MAHKEMESİ : Gaziantep Bölge Adliye Mahkemesi 16. Hukuk Dairesi
İLK DERECE MAHKEMESİ : Gaziantep 7. Asliye Hukuk Mahkemesi

Taraflar arasındaki meraya müdahelenin men’i, kâl davasından dolayı yapılan yargılama sonunda, İlk Derece Mahkemesince davanın kabulüne karar verilmiştir.

Kararın davalı vekili tarafından istinaf edilmesi üzerine, Bölge Adliye Mahkemesince başvurunun esastan reddine karar verilmiştir.

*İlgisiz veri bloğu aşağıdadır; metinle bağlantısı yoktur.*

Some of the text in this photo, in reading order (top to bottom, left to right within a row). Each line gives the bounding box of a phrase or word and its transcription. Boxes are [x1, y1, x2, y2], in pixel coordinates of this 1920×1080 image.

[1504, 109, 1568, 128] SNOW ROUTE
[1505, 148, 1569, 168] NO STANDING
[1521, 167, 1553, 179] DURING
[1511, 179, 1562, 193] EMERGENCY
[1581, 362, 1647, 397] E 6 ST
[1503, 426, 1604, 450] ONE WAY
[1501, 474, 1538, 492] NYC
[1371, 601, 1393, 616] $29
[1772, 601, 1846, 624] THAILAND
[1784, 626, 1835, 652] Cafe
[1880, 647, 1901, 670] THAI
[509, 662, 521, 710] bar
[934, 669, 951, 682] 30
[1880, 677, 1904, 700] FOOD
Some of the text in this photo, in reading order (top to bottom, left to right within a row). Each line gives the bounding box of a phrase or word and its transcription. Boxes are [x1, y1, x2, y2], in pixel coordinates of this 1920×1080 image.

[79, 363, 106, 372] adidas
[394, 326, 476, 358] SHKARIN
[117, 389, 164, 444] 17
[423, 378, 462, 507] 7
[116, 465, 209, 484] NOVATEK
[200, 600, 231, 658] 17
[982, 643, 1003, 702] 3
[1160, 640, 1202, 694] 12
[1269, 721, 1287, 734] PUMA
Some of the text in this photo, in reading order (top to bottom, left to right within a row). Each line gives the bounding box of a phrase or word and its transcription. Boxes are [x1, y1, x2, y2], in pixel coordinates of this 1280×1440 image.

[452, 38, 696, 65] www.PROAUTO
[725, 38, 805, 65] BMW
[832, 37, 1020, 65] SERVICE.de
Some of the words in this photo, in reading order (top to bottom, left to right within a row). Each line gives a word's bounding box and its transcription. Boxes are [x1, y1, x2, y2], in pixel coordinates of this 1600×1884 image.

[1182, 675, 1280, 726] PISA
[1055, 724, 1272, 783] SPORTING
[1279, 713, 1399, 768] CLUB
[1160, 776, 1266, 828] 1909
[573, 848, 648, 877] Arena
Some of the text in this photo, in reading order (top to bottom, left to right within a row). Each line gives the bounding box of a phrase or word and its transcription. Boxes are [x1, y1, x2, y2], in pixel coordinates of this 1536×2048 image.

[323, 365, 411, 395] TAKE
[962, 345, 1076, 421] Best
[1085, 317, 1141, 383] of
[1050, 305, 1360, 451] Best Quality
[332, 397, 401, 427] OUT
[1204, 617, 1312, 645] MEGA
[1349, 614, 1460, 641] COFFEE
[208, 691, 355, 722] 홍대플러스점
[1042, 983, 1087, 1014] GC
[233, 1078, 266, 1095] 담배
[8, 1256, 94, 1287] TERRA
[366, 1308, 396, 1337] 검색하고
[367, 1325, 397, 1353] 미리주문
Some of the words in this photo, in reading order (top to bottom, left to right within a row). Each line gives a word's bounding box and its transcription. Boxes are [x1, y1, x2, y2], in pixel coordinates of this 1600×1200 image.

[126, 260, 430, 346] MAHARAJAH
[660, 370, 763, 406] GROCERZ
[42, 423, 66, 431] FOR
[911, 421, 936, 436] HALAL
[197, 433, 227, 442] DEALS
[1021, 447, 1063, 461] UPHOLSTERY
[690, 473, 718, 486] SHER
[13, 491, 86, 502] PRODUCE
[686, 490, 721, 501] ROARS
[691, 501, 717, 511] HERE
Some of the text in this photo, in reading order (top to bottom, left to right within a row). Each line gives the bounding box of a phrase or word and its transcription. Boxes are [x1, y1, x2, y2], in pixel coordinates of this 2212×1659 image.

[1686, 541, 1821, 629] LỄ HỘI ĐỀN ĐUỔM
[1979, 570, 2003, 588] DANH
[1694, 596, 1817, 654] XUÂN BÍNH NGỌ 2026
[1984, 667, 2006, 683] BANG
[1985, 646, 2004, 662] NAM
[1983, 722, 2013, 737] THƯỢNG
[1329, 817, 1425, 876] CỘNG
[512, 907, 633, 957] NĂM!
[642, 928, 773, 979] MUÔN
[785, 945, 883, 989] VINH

Bölge Adliye Mahkemesi kararı davalı vekili tarafından temyiz edilmekle; kesinlik, süre, temyiz şartı ve diğer usul eksiklikleri yönünden yapılan ön inceleme sonucunda, temyiz dilekçesinin kabulüne karar verildikten ve Tetkik Hâkimi tarafından hazırlanan rapor dinlendikten sonra dosyadaki belgeler incelenip gereği düşünüldü:

I. DAVA
Davacı vekili dava dilekçesinde; Gaziantep ili, …. ilçesi, …. Mahallesinde bulunan 102 ada 214 parsel sayılı mera vasfındaki taşınmazına davalılar tarafından müdahale edildiğini, bu nedenle davalının meraya tecavüzünün önlenmesini ve üzerindeki yapıların kâl’ini dava ve talep etmiştir.

II. CEVAP
Davalılar cevap dilekçesinde; taşınmazın evveliyatının mera olmadığını, iyiniyetli olduklarını ileri sürerek davanın reddini istemiştir.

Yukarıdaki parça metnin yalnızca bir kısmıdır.